The pen will have traced a line around side A of the band. Side B will be blank. That’s all as we’d expect.
Make another flat strip and mark it as before, with “A”s and “B”s. But this time, when you pick it up to form it into a band, give one end a half twist so that you join an “A” with a “B”, taping that together into a ring (right).
Take the pen and do as before: put it on an “A”, and, keeping it on the paper, draw a line away from the adjacent “B”. Keep drawing until the pen returns to where you started. Look at the result (left). You’ll see that there is no part of the band that’s blank, without the line traversing it. Unlike the un-twisted band, this one, a Möbius strip, has one side, not two. That is, we can’t define a side A that’s distinct from side B on this band.
That can be a little hard to get one’s head around, so think about it a while.
A fun thing to do with a Möbius strip is to cut it down the middle, a handy thing now that we have a line to cut along. Take first the “normal” band, the two-sided one that we made first. Get a pair of scissors and cut along the line you drew. The band will, of course, fall into two separate bands (right), each the same as the original, topologically. No surprise there.
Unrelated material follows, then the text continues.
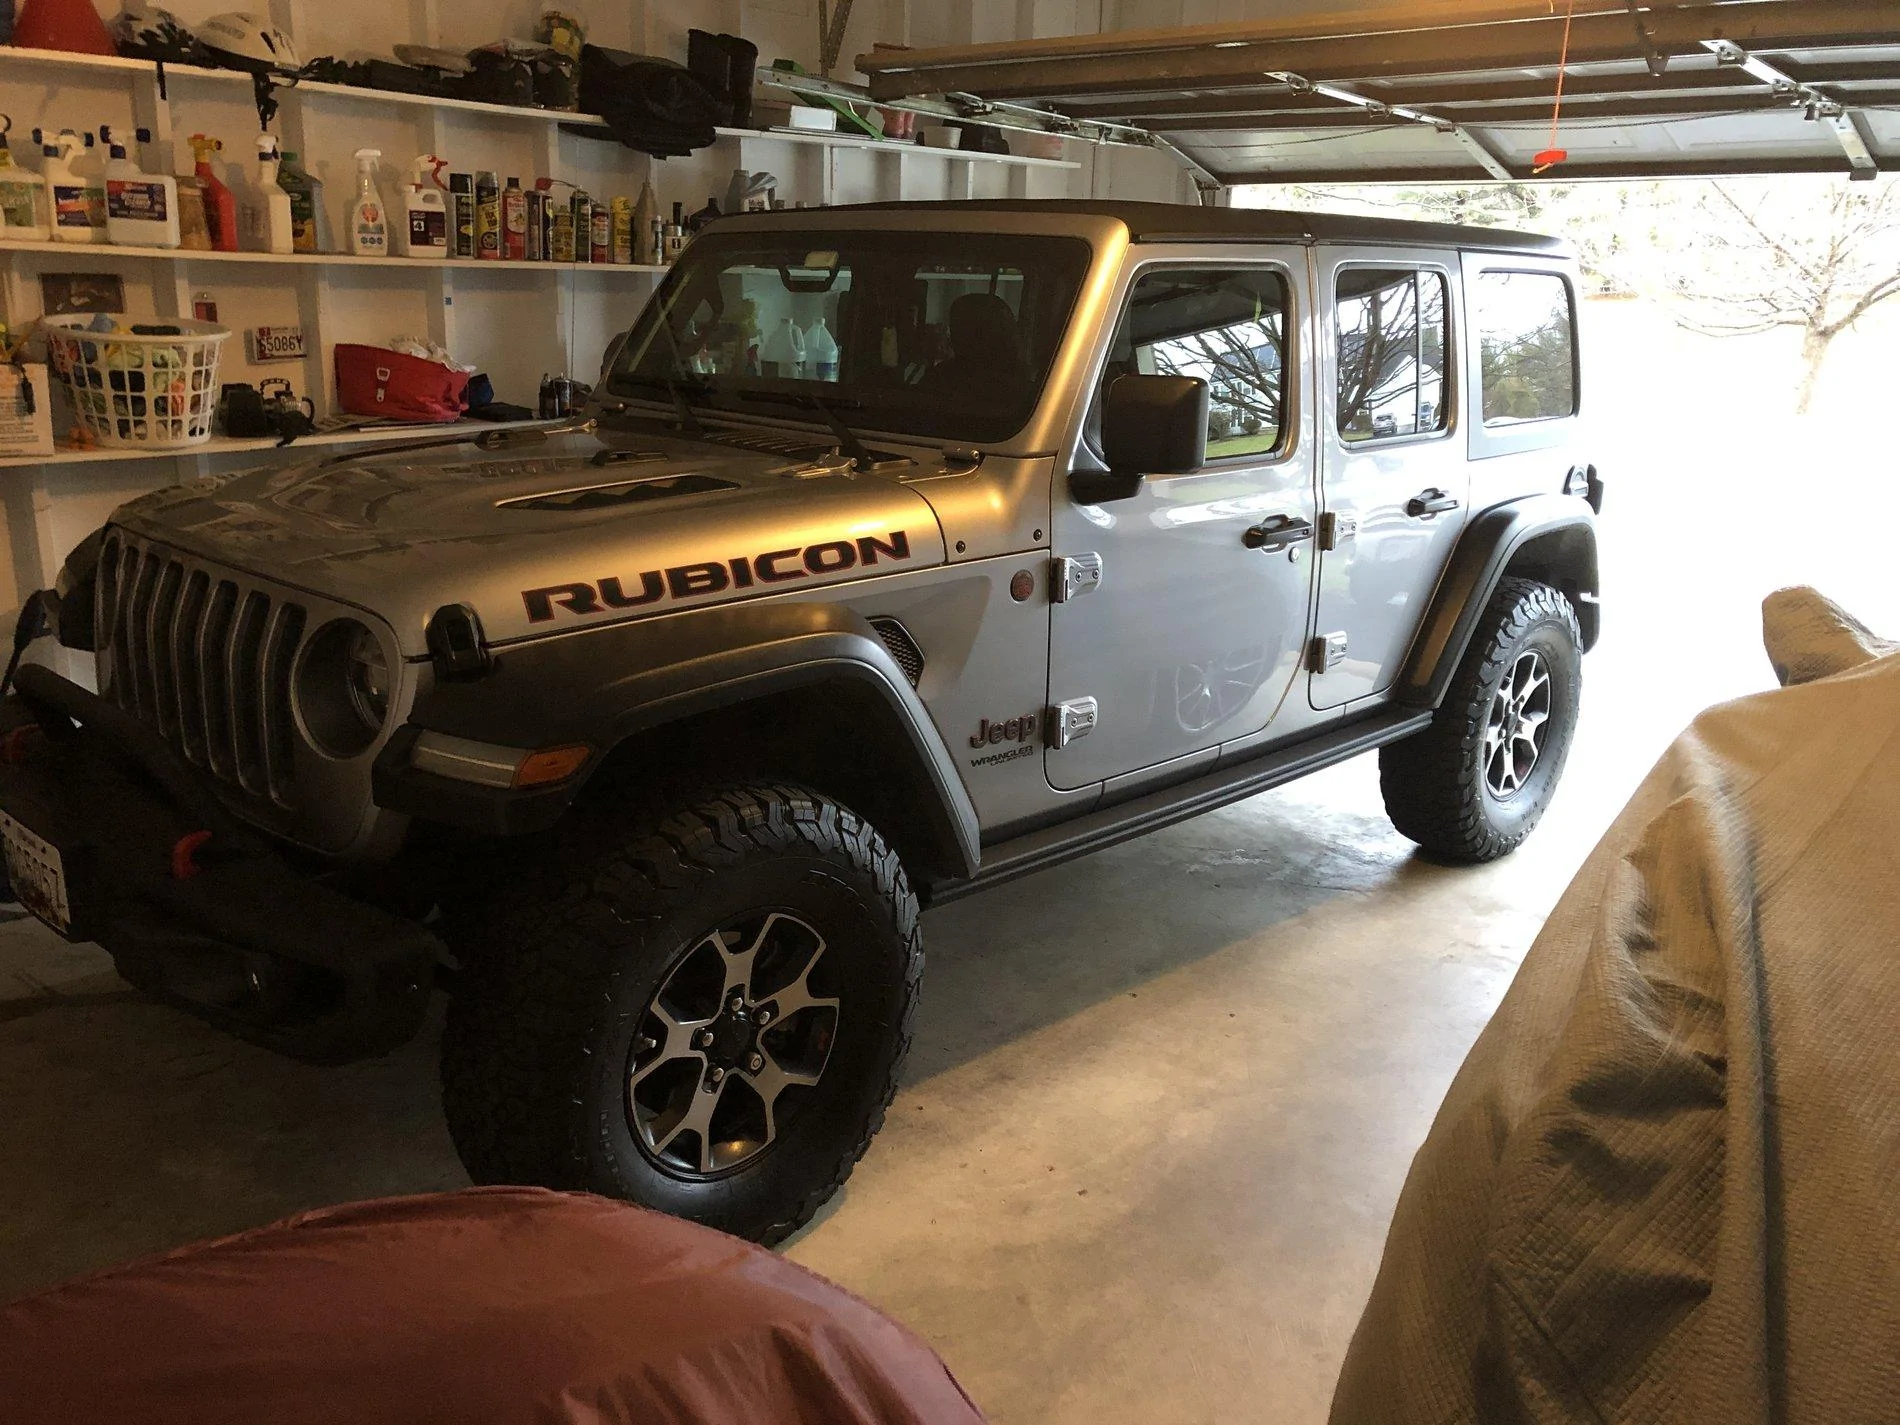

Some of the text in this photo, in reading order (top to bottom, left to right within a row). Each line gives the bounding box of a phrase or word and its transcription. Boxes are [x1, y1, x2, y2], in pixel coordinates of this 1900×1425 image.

Now do the same with the Möbius strip. What happens?
The Möbius strip does not separate into two bands, but instead winds up as a single, larger band — because it had only one edge, and the cut created a second. As a result, the cut band is not only twice as large, but is also no longer a Möbius strip (left). It’s a two-sided band with a full twist in it (two half-twists). It’d be very cool if you could keep cutting a Möbius strip and get a larger and larger one out of the cut... but that’s not how it works.
A reminder: the paper band is a model of a Möbius strip, using the paper to approximate a two-dimensional object. A true Möbius strip has no thickness, and exists only theoretically.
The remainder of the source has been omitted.